Austria, Birkfeld, bonsai, Canada Day, couchsurfing, croatia, fruit trees, genusscard, Genusscardplus, Gong music, green gold, Japanese garden, pumpkin seed oil, Slovenia, Steiermark, Styria, vineyards, wine house, wine regions
SWMBO survives the Genusscard.
Yesterday we had a frantic morning packing out. We managed (just) to make the noon check-out. In theory, we could have used our Genusscard all day. In practicality, many places were either too far away, closed on Sunday, or closed from noon to three and we were suffering from a major case of Genusscard fatigue. Onlyboy was pushing hard to do more stuff with the card. He was really enjoying all of our outings. In the end, we found a bonsai show garden just ten minutes from our place in Riegersburg and on the way to our next destination, Slovenia.
At the bonsai garden, we were greeted by an Austrian man in traditional lederhosen. He didn’t speak any English so I acted as translator during our personally guided tour. We learned a lot about the art of bonsai and enjoyed the beautiful Japanese garden he had created in his backyard. We had the place to ourselves and he was friendly and accommodating. The girls had a great time playing the gong. They had honed their technique at the Noise Museum in Birkfeld so they were creating soothing sounds that vibrated through the leaves, koi pond, sundial, fountain and through us.
I asked him about the pumpkin seed oil he sells and he told me that he grows his own Styrian pumpkins. These special pumpkins have seeds without that hard, white outer shell. The seeds are green and can be eaten as is. His field produces 40 kg of dried seeds. He takes them to a small mill nearby. At the mill, he chops, lightly salts and roasts the seeds over very low heat for 2½ hours. Then the seeds are pressed and he goes home that same afternoon with the green gold that he knows is made from his own seeds.
He took us into his garage and opened his steel vat to let us smell the oil that he had just pressed on Thursday. What an aroma. The people here keep their seeds all winter and press small batches of oil every couple of weeks, as they need it. That is how it comes to be so fresh. I bought ½ litre as a souvenir and to thank him for our wonderful tour. Pumpkin seed oil is expensive but you don’t even have to taste it to become addicted. All you have to do is smell it and I guarantee you that you will buy it!
In the grocery store, a litre of green gold costs about 23 euros ($36). It won’t be as fresh and it might even be mixed with vegetable oil! Buying it direct from the farmer, you pay about 17 euros/L ($27) and you get a pretty good sense of whether the person is the type to cheat by pouring in some canola oil. Personally, I think that an artist who spends 18 years pruning and contorting a single miniature tree isn’t the type to start cutting green gold with crappy oil to make a buck.

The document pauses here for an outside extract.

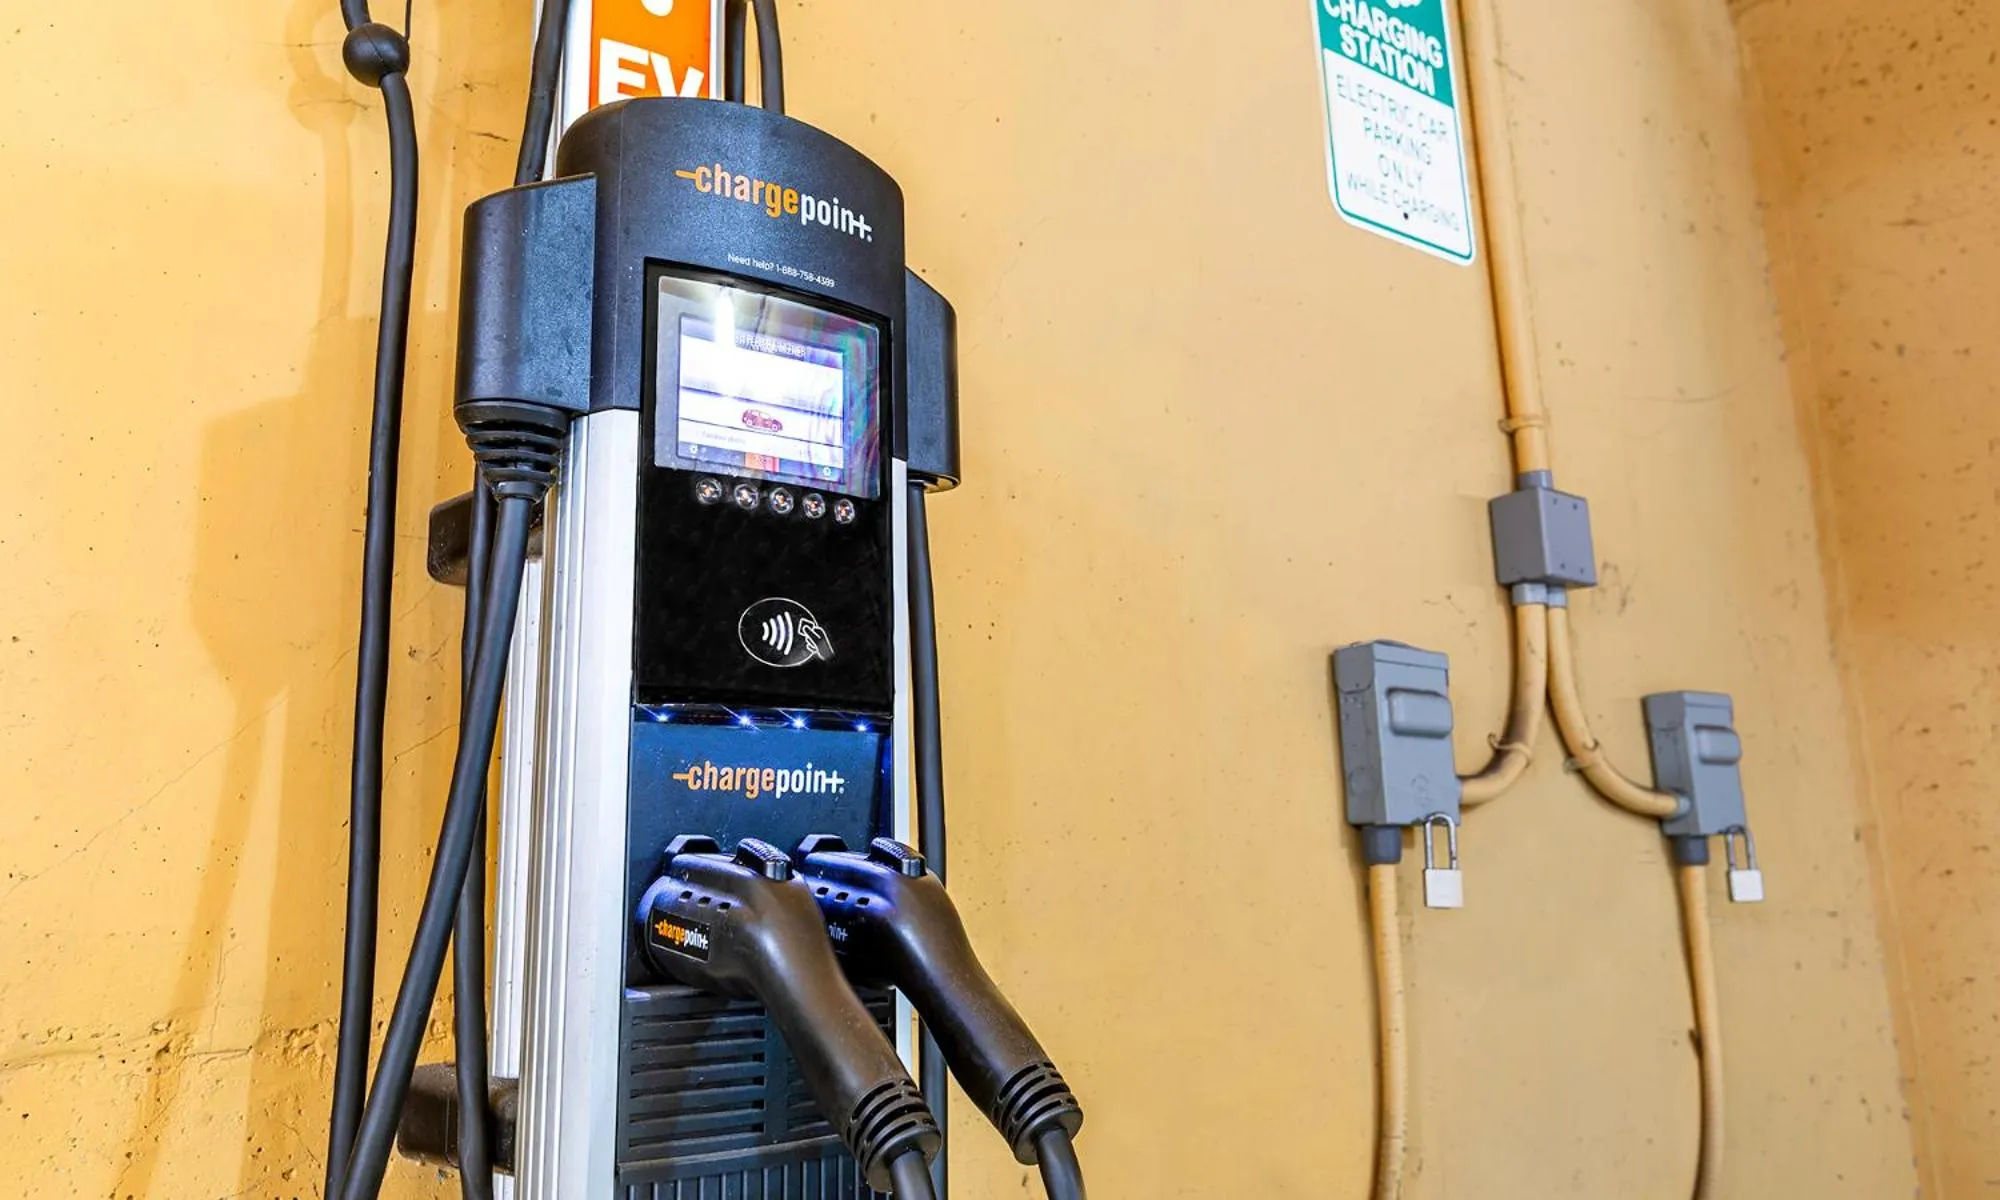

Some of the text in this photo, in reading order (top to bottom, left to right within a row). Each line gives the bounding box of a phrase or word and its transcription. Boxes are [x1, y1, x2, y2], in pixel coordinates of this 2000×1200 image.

After bonsai-world, we drove 3½ hours into the hills of Slovenia. Our CS request had been accepted and we were invited to stay in a “wine house” right by the Croatian border and not far from Italy. The closer we got, the more I had that familiar sinking feeling. What had we gotten ourselves into? We were too tired to meet new people and spend the evening socializing. Would we be sleeping on the floor? Would we have to drive up lethal mountain roads? What if we had nothing in common with our hosts?
As soon as we arrived, all doubts disappeared, as they always do. We were greeted by a lovely, English-speaking family. They had two children the same ages as our two youngest. Both sets of grandparents showed up to check us out. They only spoke Slovenian but touched us right away by giving us a plate of homemade squares they had baked for us. We sat outside and ate grilled pork and peppers and drank homemade white wine. We had a beautiful view with Croatia just one hill over. Church bells started ringing, the sun was shining and life was perfect.
Except we still hadn’t been inside and had no idea what the arrangements were. After dinner, our hosts showed us around and we became more astonished with every minute of the tour.
First we were shown the ground floor – a single room with kitchen and seating area. Simple, comfortable and spotless as everything else would turn out to be. We were shown the homemade jams, prosciutto, salamis they had made and told to eat whatever we wanted. Then we were taken into the cold storage and shown the various tanks of wine (dry red, dry white, sweet white) and told to drink whatever we wanted. We were told that if someone biked by or hiked past, it was polite to ask the person to come in for a quick chat and a glass of wine. We were told to feel free to use the tanks of wine/cured meats for this purpose. We were told that we would probably have more visitors than usual since people would be curious to meet us.
We went upstairs and were shown the bathroom and single large bedroom with bunk beds and two sofa beds. The bedroom had a woodstove and a balcony with a breathtaking view. We were shown where the wood was stored and told to use whatever we wanted. All the water in the wine-house is rain water that is filtered repeatedly until it is potable.
Our tour continued outdoors. We saw the fruit trees (peach, pear, apple) and were told to eat whatever we wanted. We visited the small vineyard and learned a lot about viniculture.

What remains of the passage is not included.